_Task goal_
Images do not belong in the copy. Retype the entries exactly.

_Material provided_
====================

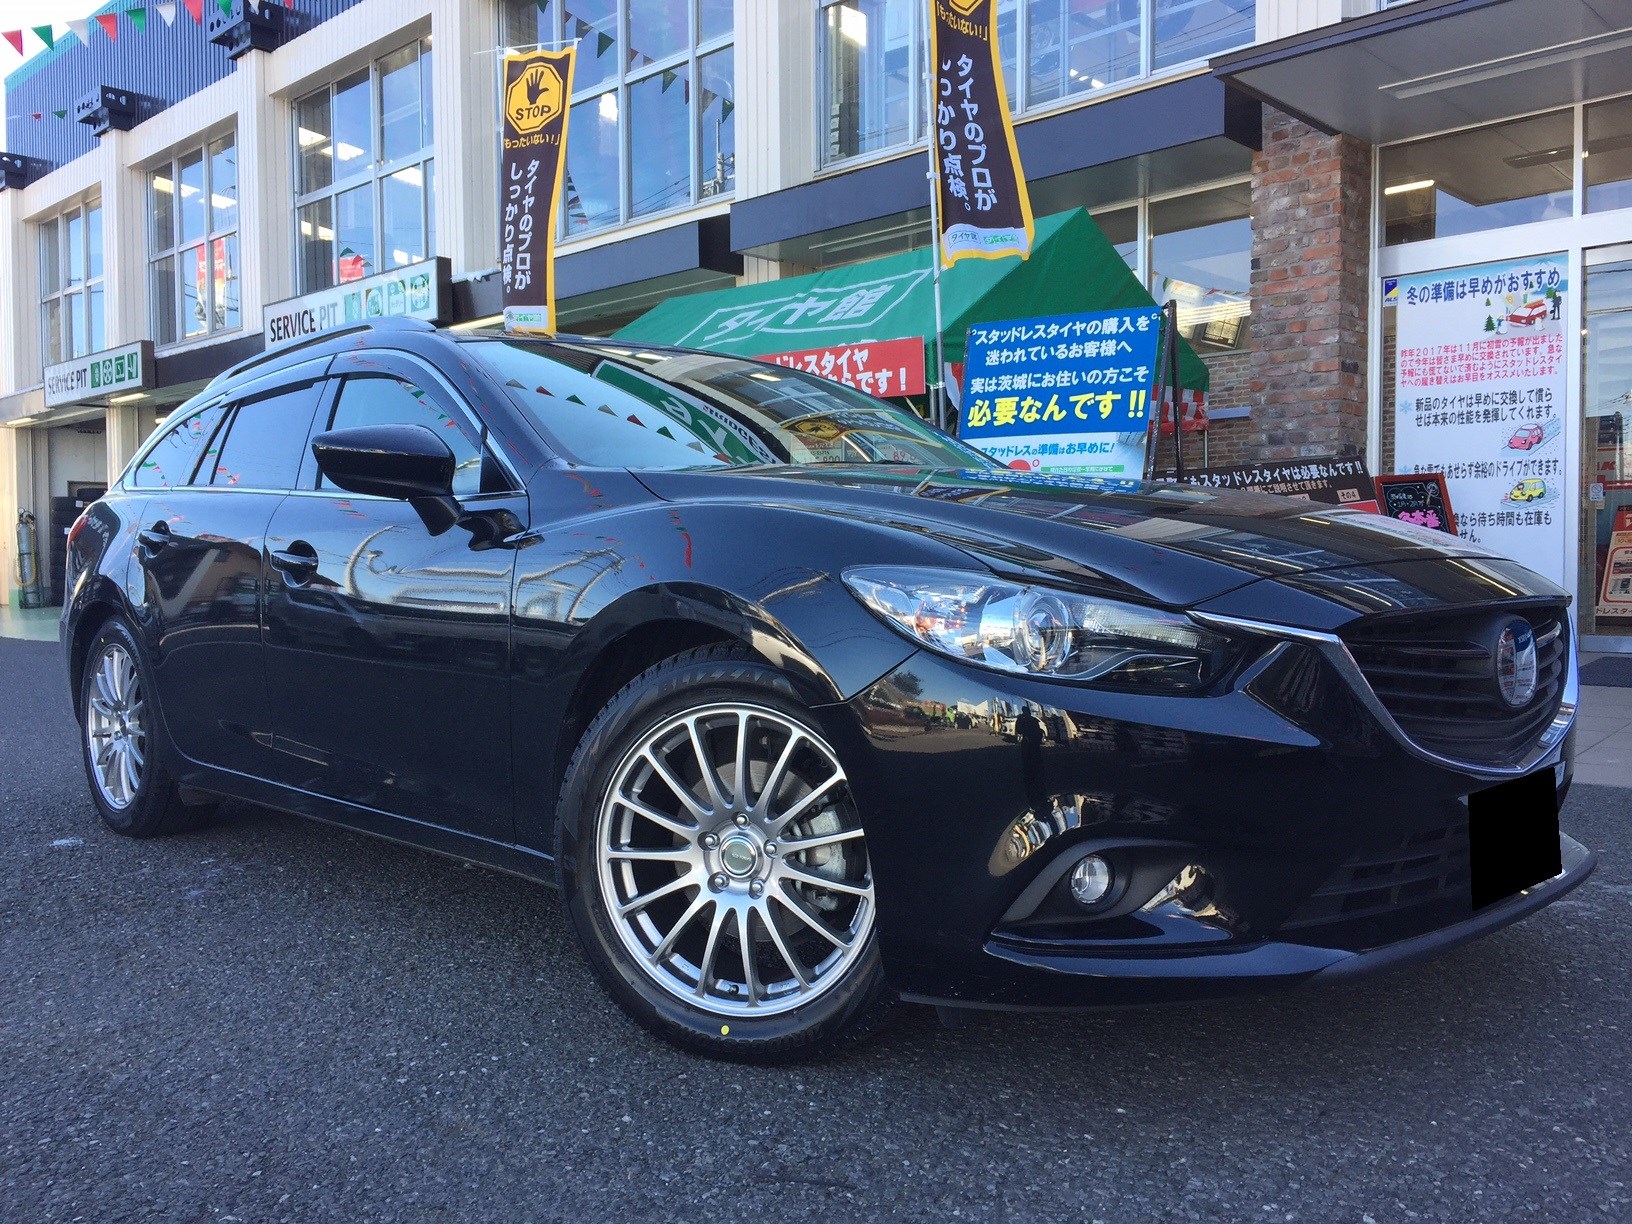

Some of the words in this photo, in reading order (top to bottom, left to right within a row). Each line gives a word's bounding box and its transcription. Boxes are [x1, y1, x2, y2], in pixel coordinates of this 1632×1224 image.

[515, 104, 552, 121] STOP
[504, 133, 560, 149] もったいない！」
[957, 53, 998, 211] タイヤのプロが
[502, 162, 523, 294] しっかり点検。
[514, 159, 540, 290] タイヤのプロが
[1406, 266, 1560, 306] 冬の準備は早めがおすすめ
[270, 308, 316, 342] SERVICE
[319, 302, 338, 330] PIT
[703, 284, 895, 342] タイヤ館
[974, 315, 1150, 346] スタッドレスタイヤの購入を
[985, 339, 1133, 367] 迷われているお客様へ
[76, 368, 87, 389] PIT
[828, 367, 907, 394] らです！
[970, 366, 1150, 394] 実は茨城にお住いの方こそ
[1415, 387, 1553, 412] 新品のタイヤは早めに交換して慣ら
[1415, 404, 1557, 428] せば本来の性能を発揮してくれます。

====================

_Exercise solution_
Some of the words in this photo, in reading order (top to bottom, left to right within a row). Each line gives a word's bounding box and its transcription. Boxes are [x1, y1, x2, y2], in pixel coordinates of this 1632×1224 image.

[515, 104, 552, 121] STOP
[504, 133, 560, 149] もったいない！」
[957, 53, 998, 211] タイヤのプロが
[502, 162, 523, 294] しっかり点検。
[514, 159, 540, 290] タイヤのプロが
[1406, 266, 1560, 306] 冬の準備は早めがおすすめ
[270, 308, 316, 342] SERVICE
[319, 302, 338, 330] PIT
[703, 284, 895, 342] タイヤ館
[974, 315, 1150, 346] スタッドレスタイヤの購入を
[985, 339, 1133, 367] 迷われているお客様へ
[76, 368, 87, 389] PIT
[828, 367, 907, 394] らです！
[970, 366, 1150, 394] 実は茨城にお住いの方こそ
[1415, 387, 1553, 412] 新品のタイヤは早めに交換して慣ら
[1415, 404, 1557, 428] せば本来の性能を発揮してくれます。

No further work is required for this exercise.